Free-text object descriptions
====================
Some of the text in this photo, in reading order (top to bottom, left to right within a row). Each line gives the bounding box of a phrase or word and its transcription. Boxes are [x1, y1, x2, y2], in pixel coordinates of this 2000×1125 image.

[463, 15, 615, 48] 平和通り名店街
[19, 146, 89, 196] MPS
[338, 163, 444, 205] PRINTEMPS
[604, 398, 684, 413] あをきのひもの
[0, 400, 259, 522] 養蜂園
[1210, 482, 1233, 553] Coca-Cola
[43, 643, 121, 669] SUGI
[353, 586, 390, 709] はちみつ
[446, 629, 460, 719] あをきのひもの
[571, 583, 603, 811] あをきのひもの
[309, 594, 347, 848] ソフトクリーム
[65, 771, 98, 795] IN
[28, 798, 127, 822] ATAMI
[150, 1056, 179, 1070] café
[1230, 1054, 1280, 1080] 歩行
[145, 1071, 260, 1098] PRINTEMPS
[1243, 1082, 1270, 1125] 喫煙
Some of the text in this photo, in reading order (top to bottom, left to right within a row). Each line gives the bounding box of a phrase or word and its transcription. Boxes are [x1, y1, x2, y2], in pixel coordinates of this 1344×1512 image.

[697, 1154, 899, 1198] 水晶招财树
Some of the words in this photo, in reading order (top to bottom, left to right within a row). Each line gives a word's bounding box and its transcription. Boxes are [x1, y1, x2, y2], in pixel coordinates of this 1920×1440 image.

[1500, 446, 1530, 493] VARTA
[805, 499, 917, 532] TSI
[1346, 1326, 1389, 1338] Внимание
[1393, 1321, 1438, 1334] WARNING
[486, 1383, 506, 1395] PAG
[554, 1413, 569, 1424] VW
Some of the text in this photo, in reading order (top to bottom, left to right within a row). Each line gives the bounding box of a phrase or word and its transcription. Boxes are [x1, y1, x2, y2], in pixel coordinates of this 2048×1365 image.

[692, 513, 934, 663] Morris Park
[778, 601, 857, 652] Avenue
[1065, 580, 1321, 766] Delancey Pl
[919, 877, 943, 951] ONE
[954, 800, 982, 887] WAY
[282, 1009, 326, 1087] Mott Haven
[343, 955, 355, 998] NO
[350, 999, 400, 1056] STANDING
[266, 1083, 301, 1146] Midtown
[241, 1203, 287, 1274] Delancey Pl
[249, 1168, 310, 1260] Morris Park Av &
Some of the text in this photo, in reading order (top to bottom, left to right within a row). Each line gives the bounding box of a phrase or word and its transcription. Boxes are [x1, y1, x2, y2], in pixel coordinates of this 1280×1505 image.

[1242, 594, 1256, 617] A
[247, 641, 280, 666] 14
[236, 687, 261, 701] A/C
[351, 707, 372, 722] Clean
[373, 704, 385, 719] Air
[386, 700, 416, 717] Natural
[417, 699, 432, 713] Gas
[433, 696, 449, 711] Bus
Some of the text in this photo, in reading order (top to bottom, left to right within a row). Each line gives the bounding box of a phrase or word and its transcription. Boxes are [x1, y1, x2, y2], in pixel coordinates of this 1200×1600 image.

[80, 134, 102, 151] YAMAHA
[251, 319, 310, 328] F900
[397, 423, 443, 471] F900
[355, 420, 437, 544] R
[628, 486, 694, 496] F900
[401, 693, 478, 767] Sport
====================
▶ [EXERCISE]:
Repeat all the records. Match each line exactly.

▶ [RESPONSE AREA]:
Some of the text in this photo, in reading order (top to bottom, left to right within a row). Each line gives the bounding box of a phrase or word and its transcription. Boxes are [x1, y1, x2, y2], in pixel coordinates of this 2000×1125 image.

[463, 15, 615, 48] 平和通り名店街
[19, 146, 89, 196] MPS
[338, 163, 444, 205] PRINTEMPS
[604, 398, 684, 413] あをきのひもの
[0, 400, 259, 522] 養蜂園
[1210, 482, 1233, 553] Coca-Cola
[43, 643, 121, 669] SUGI
[353, 586, 390, 709] はちみつ
[446, 629, 460, 719] あをきのひもの
[571, 583, 603, 811] あをきのひもの
[309, 594, 347, 848] ソフトクリーム
[65, 771, 98, 795] IN
[28, 798, 127, 822] ATAMI
[150, 1056, 179, 1070] café
[1230, 1054, 1280, 1080] 歩行
[145, 1071, 260, 1098] PRINTEMPS
[1243, 1082, 1270, 1125] 喫煙
Some of the text in this photo, in reading order (top to bottom, left to right within a row). Each line gives the bounding box of a phrase or word and its transcription. Boxes are [x1, y1, x2, y2], in pixel coordinates of this 1344×1512 image.

[697, 1154, 899, 1198] 水晶招财树
Some of the words in this photo, in reading order (top to bottom, left to right within a row). Each line gives a word's bounding box and its transcription. Boxes are [x1, y1, x2, y2], in pixel coordinates of this 1920×1440 image.

[1500, 446, 1530, 493] VARTA
[805, 499, 917, 532] TSI
[1346, 1326, 1389, 1338] Внимание
[1393, 1321, 1438, 1334] WARNING
[486, 1383, 506, 1395] PAG
[554, 1413, 569, 1424] VW
Some of the text in this photo, in reading order (top to bottom, left to right within a row). Each line gives the bounding box of a phrase or word and its transcription. Boxes are [x1, y1, x2, y2], in pixel coordinates of this 2048×1365 image.

[692, 513, 934, 663] Morris Park
[778, 601, 857, 652] Avenue
[1065, 580, 1321, 766] Delancey Pl
[919, 877, 943, 951] ONE
[954, 800, 982, 887] WAY
[282, 1009, 326, 1087] Mott Haven
[343, 955, 355, 998] NO
[350, 999, 400, 1056] STANDING
[266, 1083, 301, 1146] Midtown
[241, 1203, 287, 1274] Delancey Pl
[249, 1168, 310, 1260] Morris Park Av &
Some of the text in this photo, in reading order (top to bottom, left to right within a row). Each line gives the bounding box of a phrase or word and its transcription. Boxes are [x1, y1, x2, y2], in pixel coordinates of this 1280×1505 image.

[1242, 594, 1256, 617] A
[247, 641, 280, 666] 14
[236, 687, 261, 701] A/C
[351, 707, 372, 722] Clean
[373, 704, 385, 719] Air
[386, 700, 416, 717] Natural
[417, 699, 432, 713] Gas
[433, 696, 449, 711] Bus
Some of the text in this photo, in reading order (top to bottom, left to right within a row). Each line gives the bounding box of a phrase or word and its transcription. Boxes are [x1, y1, x2, y2], in pixel coordinates of this 1200×1600 image.

[80, 134, 102, 151] YAMAHA
[251, 319, 310, 328] F900
[397, 423, 443, 471] F900
[355, 420, 437, 544] R
[628, 486, 694, 496] F900
[401, 693, 478, 767] Sport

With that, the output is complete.